Where does the string "phrase" appear in the records? Copy every line that contains it.

**RECORDS**:
== Segment start ==

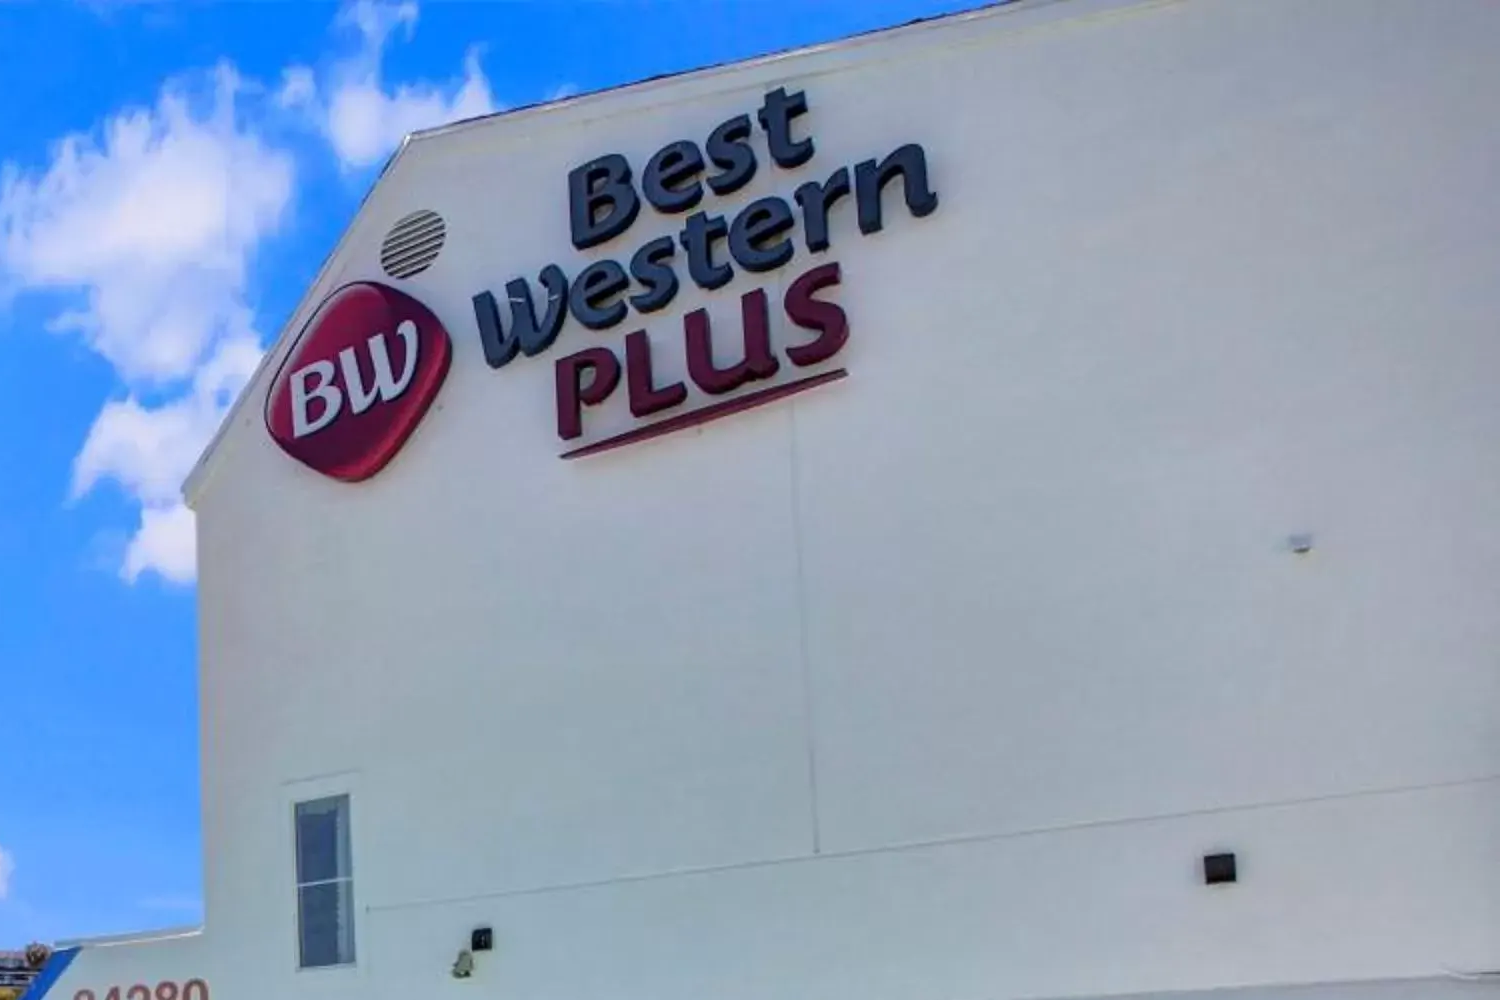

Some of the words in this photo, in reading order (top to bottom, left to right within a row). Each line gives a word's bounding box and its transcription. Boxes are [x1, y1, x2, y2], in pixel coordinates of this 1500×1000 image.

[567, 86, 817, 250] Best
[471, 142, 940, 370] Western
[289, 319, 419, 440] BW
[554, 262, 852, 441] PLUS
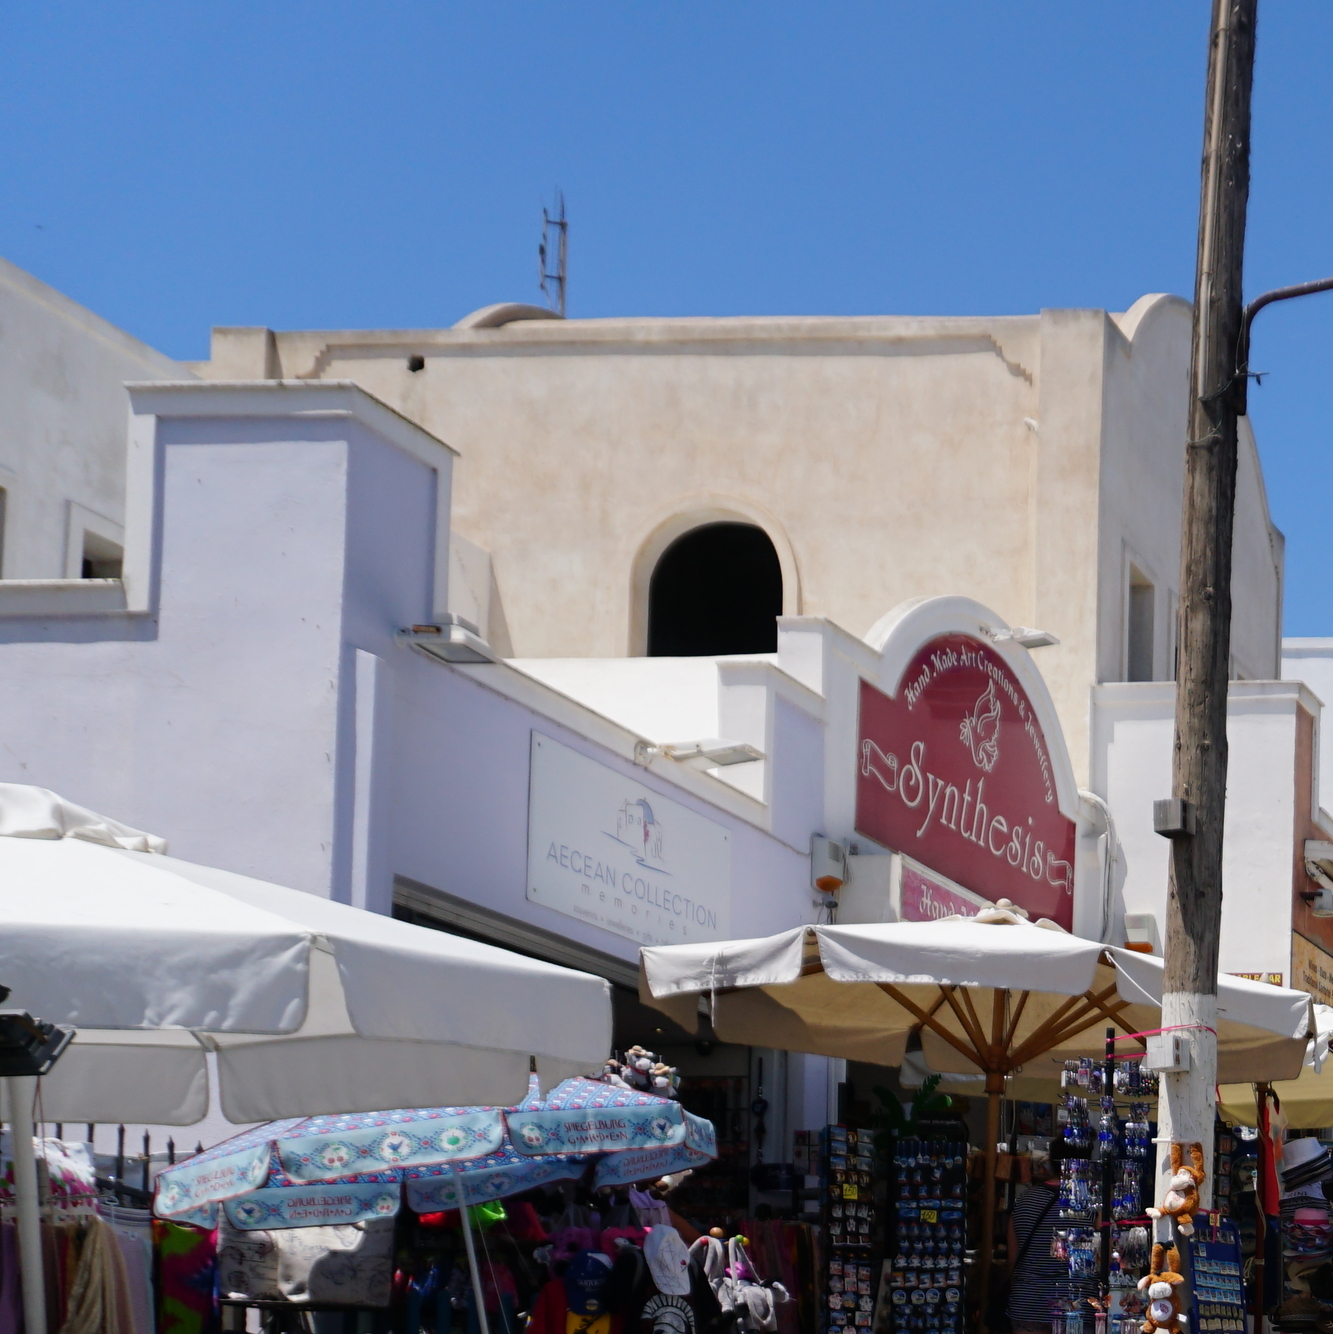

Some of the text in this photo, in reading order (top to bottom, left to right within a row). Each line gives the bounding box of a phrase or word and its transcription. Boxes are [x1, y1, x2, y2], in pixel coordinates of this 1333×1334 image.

== Segment end ==
== Segment start ==

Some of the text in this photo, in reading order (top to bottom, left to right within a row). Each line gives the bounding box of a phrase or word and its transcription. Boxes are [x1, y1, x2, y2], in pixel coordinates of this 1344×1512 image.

== Segment end ==
== Segment start ==

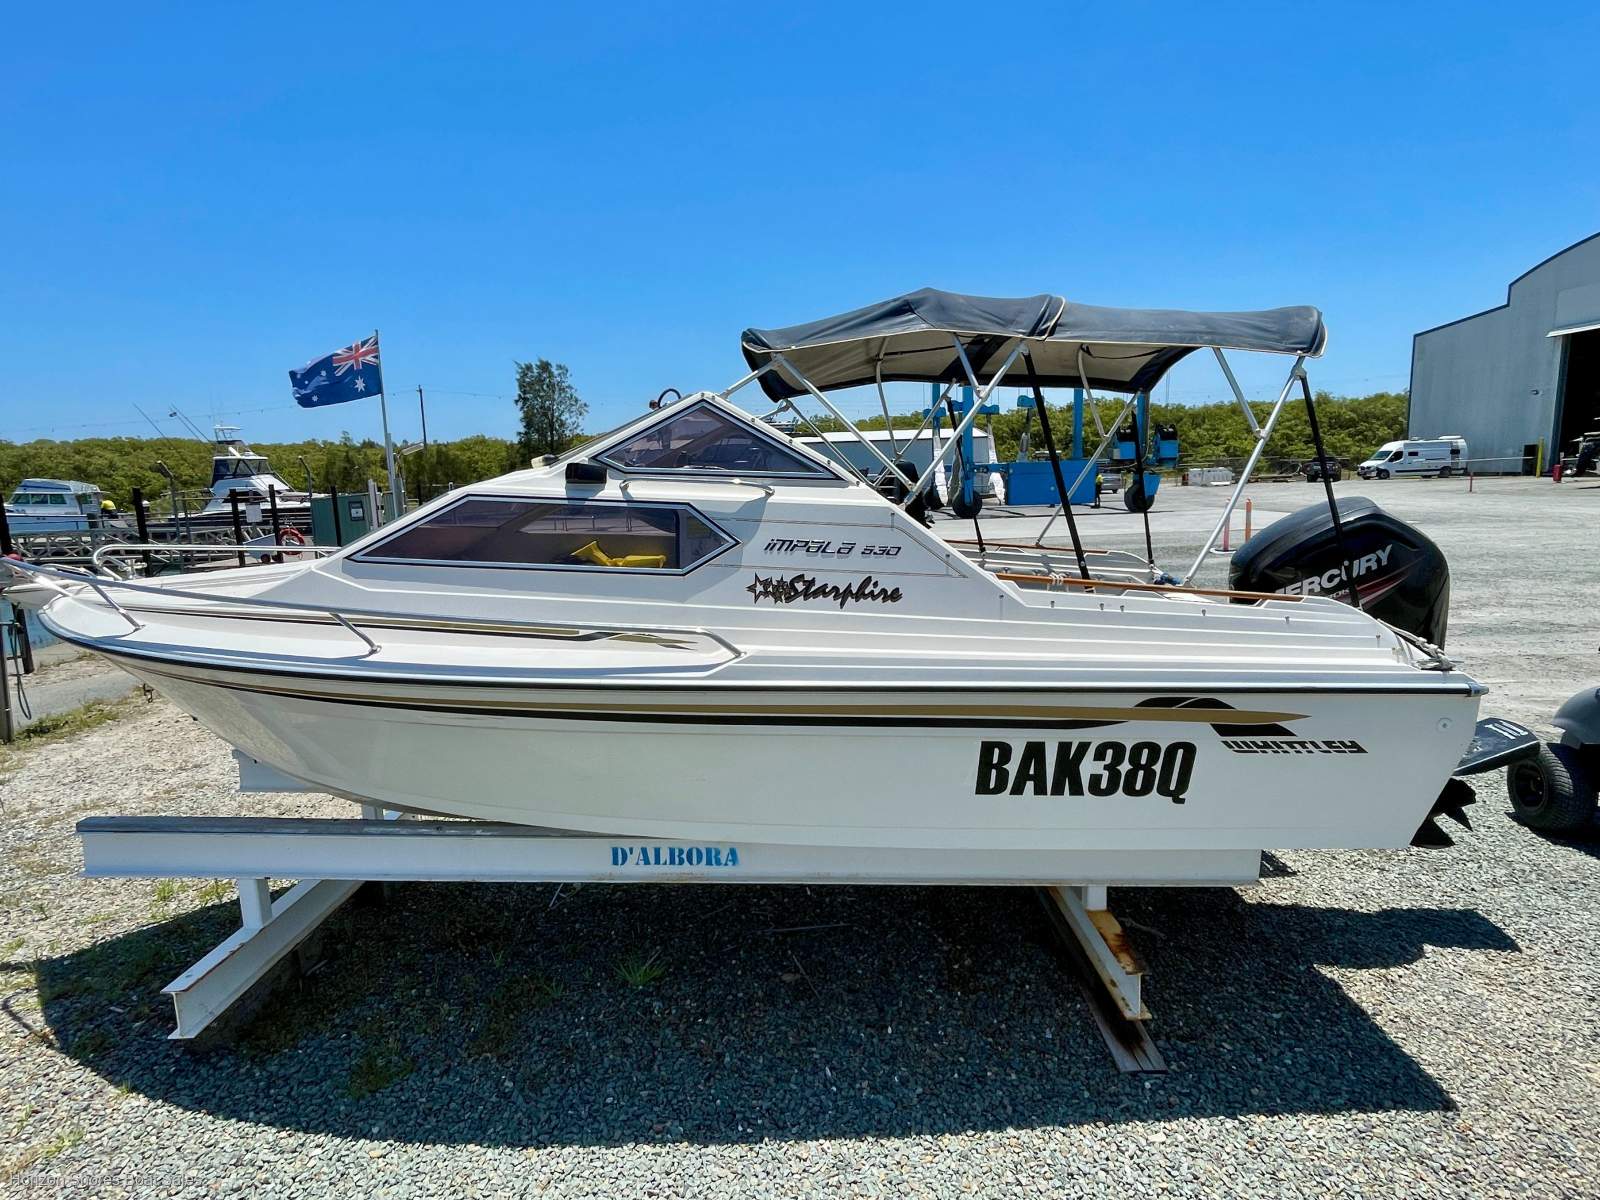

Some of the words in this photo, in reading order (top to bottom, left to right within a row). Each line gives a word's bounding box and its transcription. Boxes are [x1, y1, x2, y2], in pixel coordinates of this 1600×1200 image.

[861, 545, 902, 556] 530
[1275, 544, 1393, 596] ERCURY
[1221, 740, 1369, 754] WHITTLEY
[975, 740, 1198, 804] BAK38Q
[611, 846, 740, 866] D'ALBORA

== Segment end ==

**RESPONSE TO THIS TASK**:
Some of the text in this photo, in reading order (top to bottom, left to right within a row). Each line gives the bounding box of a phrase or word and its transcription. Boxes are [x1, y1, x2, y2], in pixel coordinates of this 1333×1334 image.
Some of the text in this photo, in reading order (top to bottom, left to right within a row). Each line gives the bounding box of a phrase or word and its transcription. Boxes are [x1, y1, x2, y2], in pixel coordinates of this 1344×1512 image.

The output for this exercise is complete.